HealthSouth Corp. said Thursday it had reached a $445 million preliminary agreement to settle federal lawsuits resulting from a massive financial fraud that nearly drove the rehabilitation chain to ruin.

The Birmingham-based company will pay $215 million in common stock and warrants under the global settlement, and insurance companies will pay another $230 million in cash.

Investors involved in class-action suits filed in federal court also will receive 25 percent of anything the company eventually gets in its lawsuit against fired chief executive Richard Scrushy, former auditor Ernst & Young and UBS, HealthSouth's former investment bank.

The company said attorneys were still working on a final version of the agreement, which must be approved by a judge.

HealthSouth did not admit any wrongdoing.

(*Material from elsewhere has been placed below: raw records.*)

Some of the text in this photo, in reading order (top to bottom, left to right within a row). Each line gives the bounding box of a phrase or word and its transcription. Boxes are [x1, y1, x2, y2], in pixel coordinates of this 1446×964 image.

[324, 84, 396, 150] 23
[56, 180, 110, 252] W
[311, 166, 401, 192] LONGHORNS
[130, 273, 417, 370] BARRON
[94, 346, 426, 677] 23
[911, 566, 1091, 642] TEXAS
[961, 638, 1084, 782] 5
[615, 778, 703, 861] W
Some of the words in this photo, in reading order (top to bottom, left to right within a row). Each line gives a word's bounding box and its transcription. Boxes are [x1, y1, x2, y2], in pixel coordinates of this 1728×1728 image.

Scrushy was acquitted on criminal charges in the fraud.

Current CEO Jay Grinney said the proposed settlement was "a major milestone in HealthSouth's recovery and a powerful symbol of the progress we have made as a company."

In a statement, plaintiff's attorney Patrick Coughlin said the price of HealthSouth stock dropped from a high of $31 a share to 9 cents a share once the fraud was revealed.

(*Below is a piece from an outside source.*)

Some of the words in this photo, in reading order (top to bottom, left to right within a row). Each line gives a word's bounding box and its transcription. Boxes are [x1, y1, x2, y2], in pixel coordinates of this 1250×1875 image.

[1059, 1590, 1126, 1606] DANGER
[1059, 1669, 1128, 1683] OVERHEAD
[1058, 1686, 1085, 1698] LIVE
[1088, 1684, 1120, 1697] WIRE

"We will continue to fight vigorously against HealthSouth auditors and underwriters who were central to HealthSouth's fraudulent behavior," said Coughlin, whose firm represents the Illinois-based Central States Southeast and Southwest Area Pension Funds, which benefit Teamsters members.

Other plaintiffs included the Retirement Systems of Alabama, the New Mexico State Investment Council and the Educational Retirement Board of New Mexico.

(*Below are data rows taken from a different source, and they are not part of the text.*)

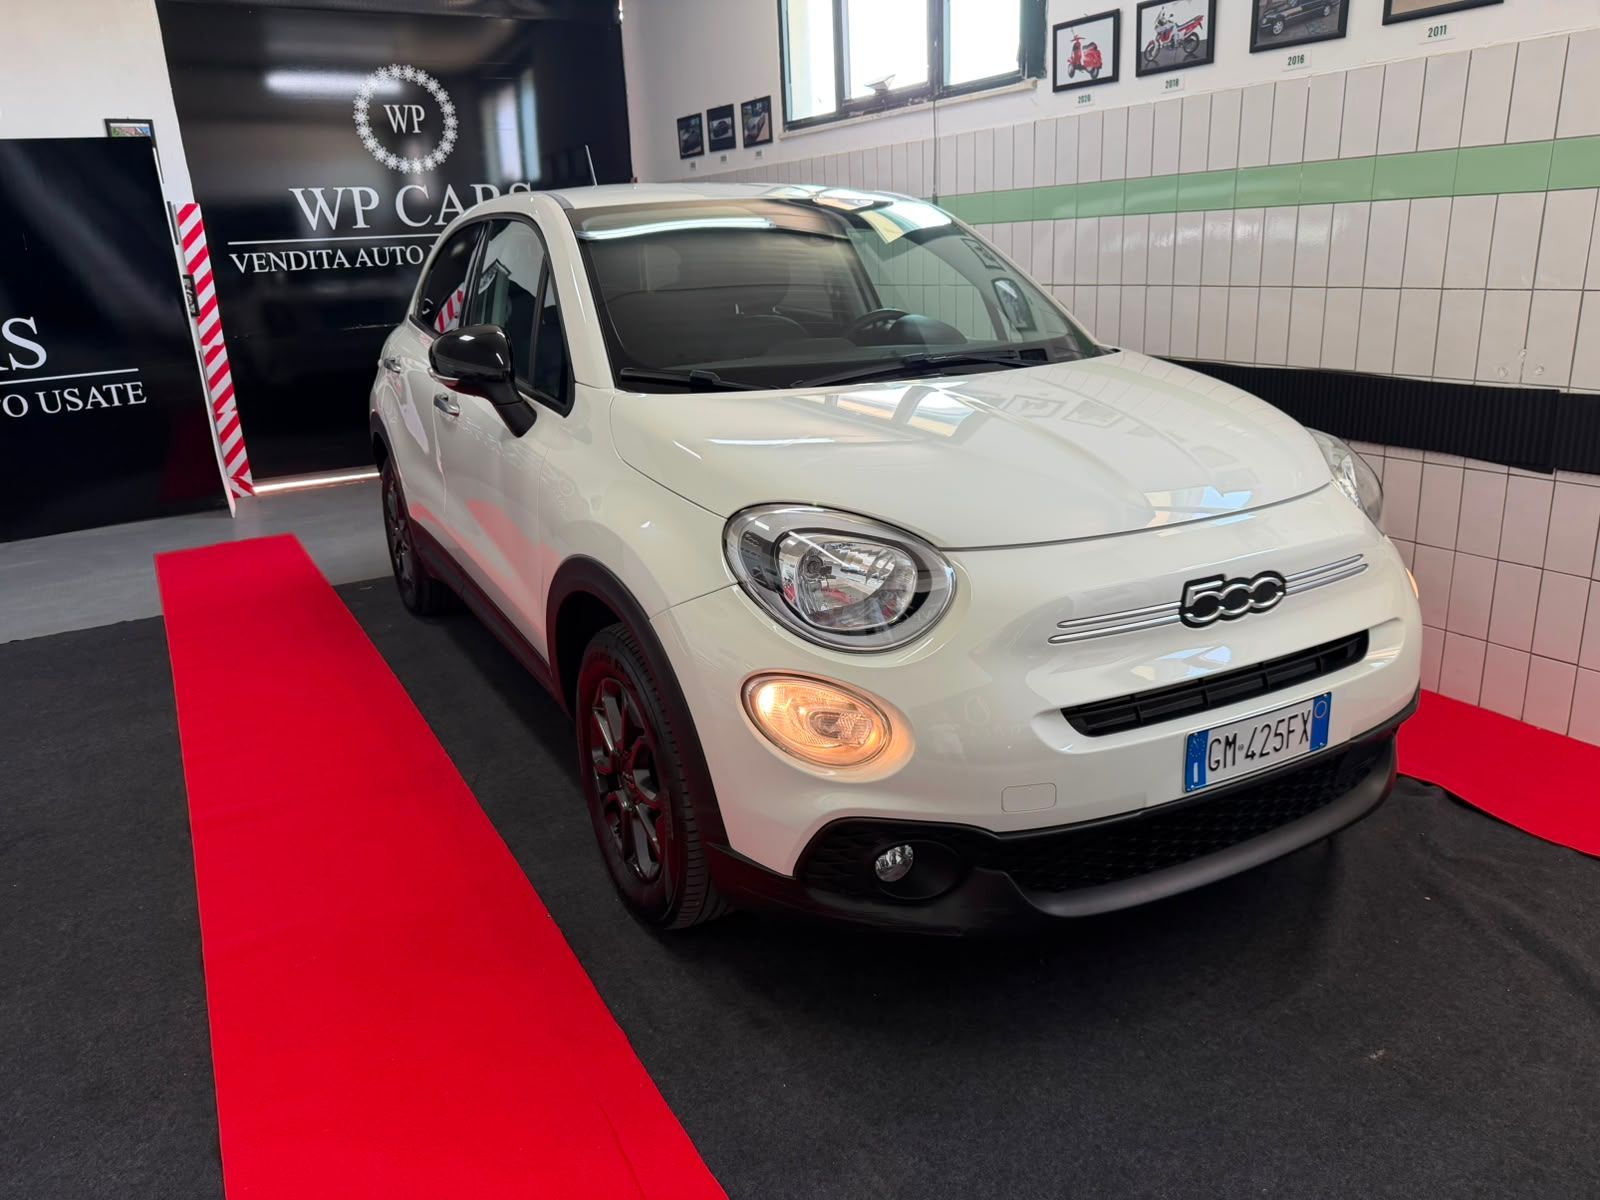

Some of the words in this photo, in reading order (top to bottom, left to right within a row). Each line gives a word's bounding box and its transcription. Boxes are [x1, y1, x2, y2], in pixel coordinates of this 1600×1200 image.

[1427, 25, 1447, 38] 2011
[1287, 54, 1305, 66] 2016
[383, 104, 425, 134] WP
[288, 186, 380, 231] WP
[395, 182, 531, 227] CA
[228, 249, 353, 274] VENDITA
[356, 244, 424, 267] AUTO
[0, 316, 47, 371] S
[35, 381, 147, 414] USATE
[1180, 571, 1286, 626] 500

"As long-term institutional investors, we hope the settlement will serve as a catalyst for HealthSouth's turnaround," said New Mexico Attorney General Patricia Madrid.

David Bronner, CEO of Alabama's retirement fund, said the agreement to take $215 million in stock as part of the settlment "underscores that we believe this very important company is now in the hands of capable management."

HealthSouth came near bankruptcy after the fraud was revealed in March 2003, but it has since reconstructed years of financial statements and renegotiated lending agreements.

Gregory L. Doody, HealthSouth's general counsel, said the global settlement puts most of the company's legal issues behind it, "and allows us to move forward."

In 2004, the company agreed to pay the U.S. government $325 million to settle numerous allegations that it defrauded Medicare and other government health programs.

The company last year agreed to pay $100 million over five years to settle a lawsuit filed by the Securities and Exchange Commission in 2003. That suit alleged alleged an accounting fraud that eventually swelled to about $2.7 billion.

The rehabilitation chain also reached a $25 million settlement in a class-action lawsuit over losses in its employee retirement fund, with insurers paying $18 million of the tab and the company covering the rest.

HealthSouth and Scrushy, its main founder, are still in court fighting over his claims for as much as $100 million in compensation related to his ouster. HealthSouth also has said it would seek tax refunds of as much as $261 million for taxes paid on overstated income during the years of the fraud.

Fifteen former HealthSouth executives pleaded guilty in the fraud, and five finance chiefs who worked under Scrushy testified that he directed the scheme.

A federal jury last year acquitted Scrushy of all charges, with members saying later that the testimony by other company executives wasn't credible.